__Required action__
Return each line of the material verbatim.

__Records provided__
----

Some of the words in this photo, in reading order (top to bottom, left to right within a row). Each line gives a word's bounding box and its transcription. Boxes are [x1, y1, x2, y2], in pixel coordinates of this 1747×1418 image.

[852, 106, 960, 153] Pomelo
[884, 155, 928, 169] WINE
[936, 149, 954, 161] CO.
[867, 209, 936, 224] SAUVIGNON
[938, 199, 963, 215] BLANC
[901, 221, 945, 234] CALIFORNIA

----

__Your solution__
Some of the words in this photo, in reading order (top to bottom, left to right within a row). Each line gives a word's bounding box and its transcription. Boxes are [x1, y1, x2, y2], in pixel coordinates of this 1747×1418 image.

[852, 106, 960, 153] Pomelo
[884, 155, 928, 169] WINE
[936, 149, 954, 161] CO.
[867, 209, 936, 224] SAUVIGNON
[938, 199, 963, 215] BLANC
[901, 221, 945, 234] CALIFORNIA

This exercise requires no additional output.